Data shown

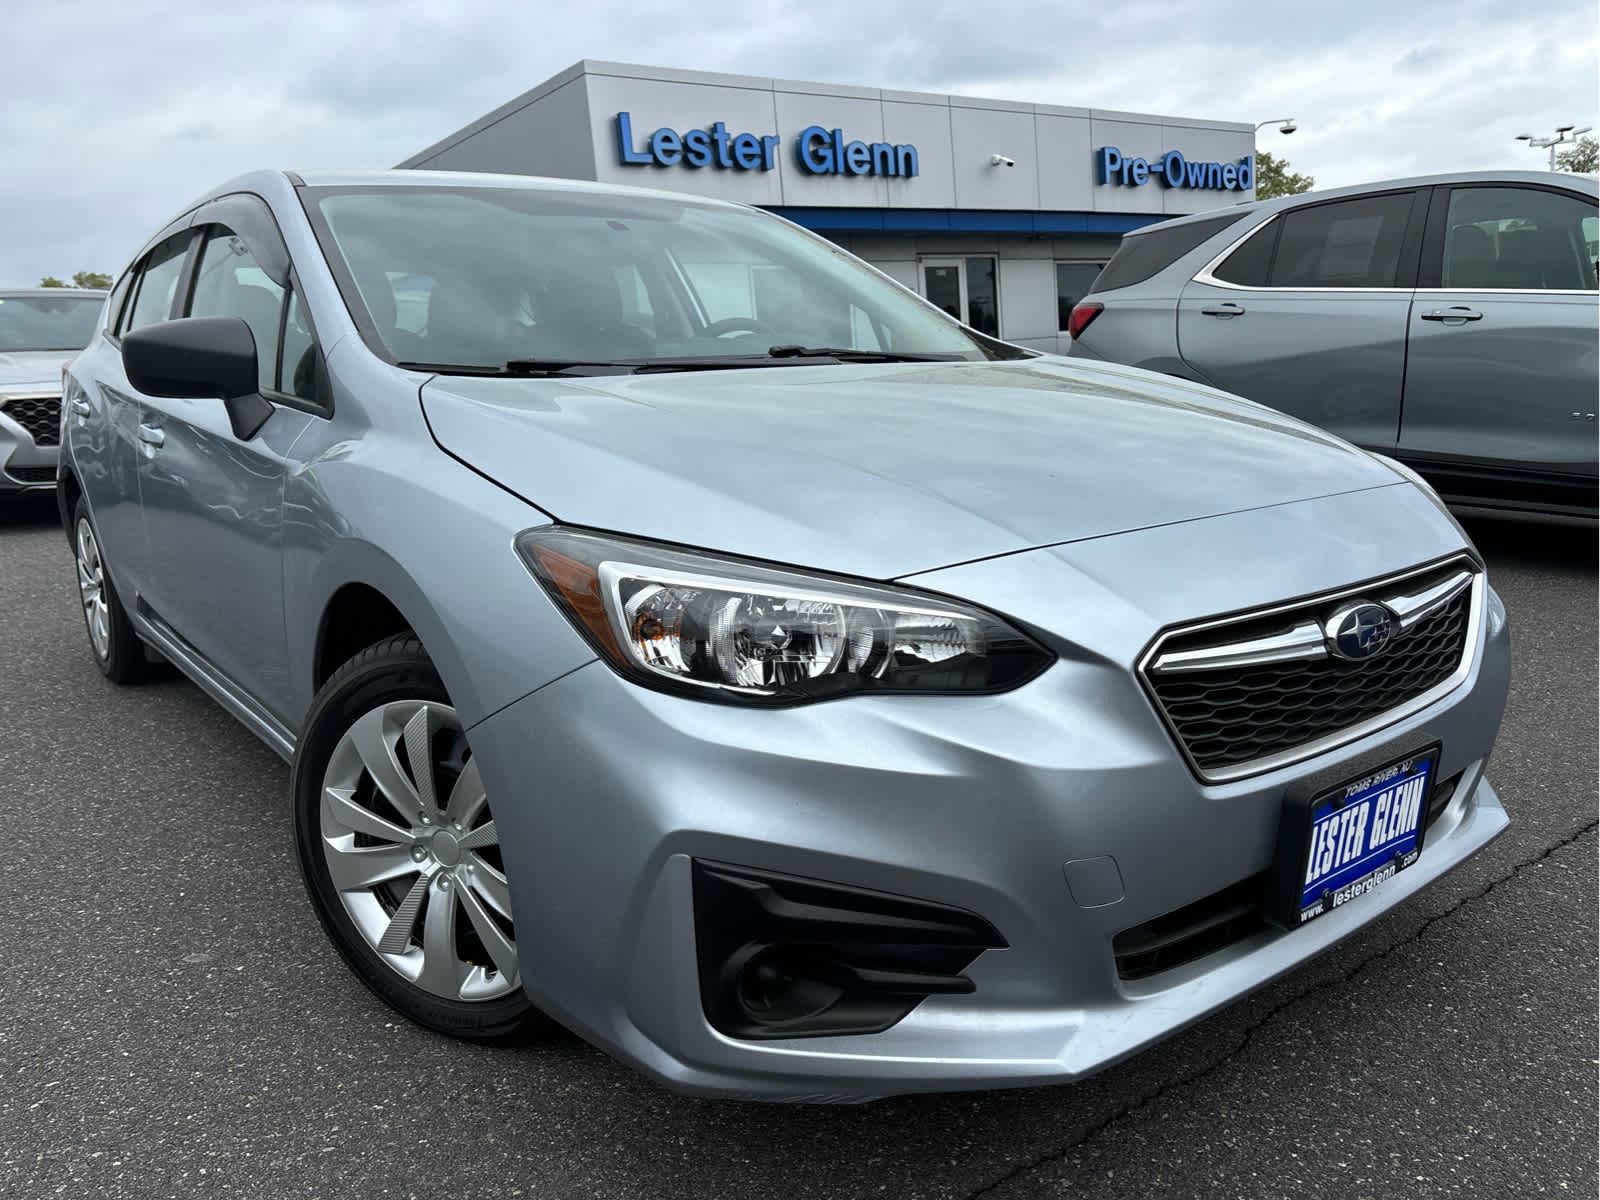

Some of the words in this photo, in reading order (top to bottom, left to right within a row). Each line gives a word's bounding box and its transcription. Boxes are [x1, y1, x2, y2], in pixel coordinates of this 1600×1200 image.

[615, 111, 780, 171] Lester
[798, 125, 919, 178] Glenn
[1098, 146, 1253, 190] Pre-Owned
[1344, 777, 1372, 798] TOMS
[1304, 801, 1370, 886] LESTER
[1369, 776, 1425, 850] GLENN
[1332, 864, 1396, 908] lesterglenn

Exercise description
Everything in the records above must be restated verbatim, save for the pictures.

Solution to this task
Some of the words in this photo, in reading order (top to bottom, left to right within a row). Each line gives a word's bounding box and its transcription. Boxes are [x1, y1, x2, y2], in pixel coordinates of this 1600×1200 image.

[615, 111, 780, 171] Lester
[798, 125, 919, 178] Glenn
[1098, 146, 1253, 190] Pre-Owned
[1344, 777, 1372, 798] TOMS
[1304, 801, 1370, 886] LESTER
[1369, 776, 1425, 850] GLENN
[1332, 864, 1396, 908] lesterglenn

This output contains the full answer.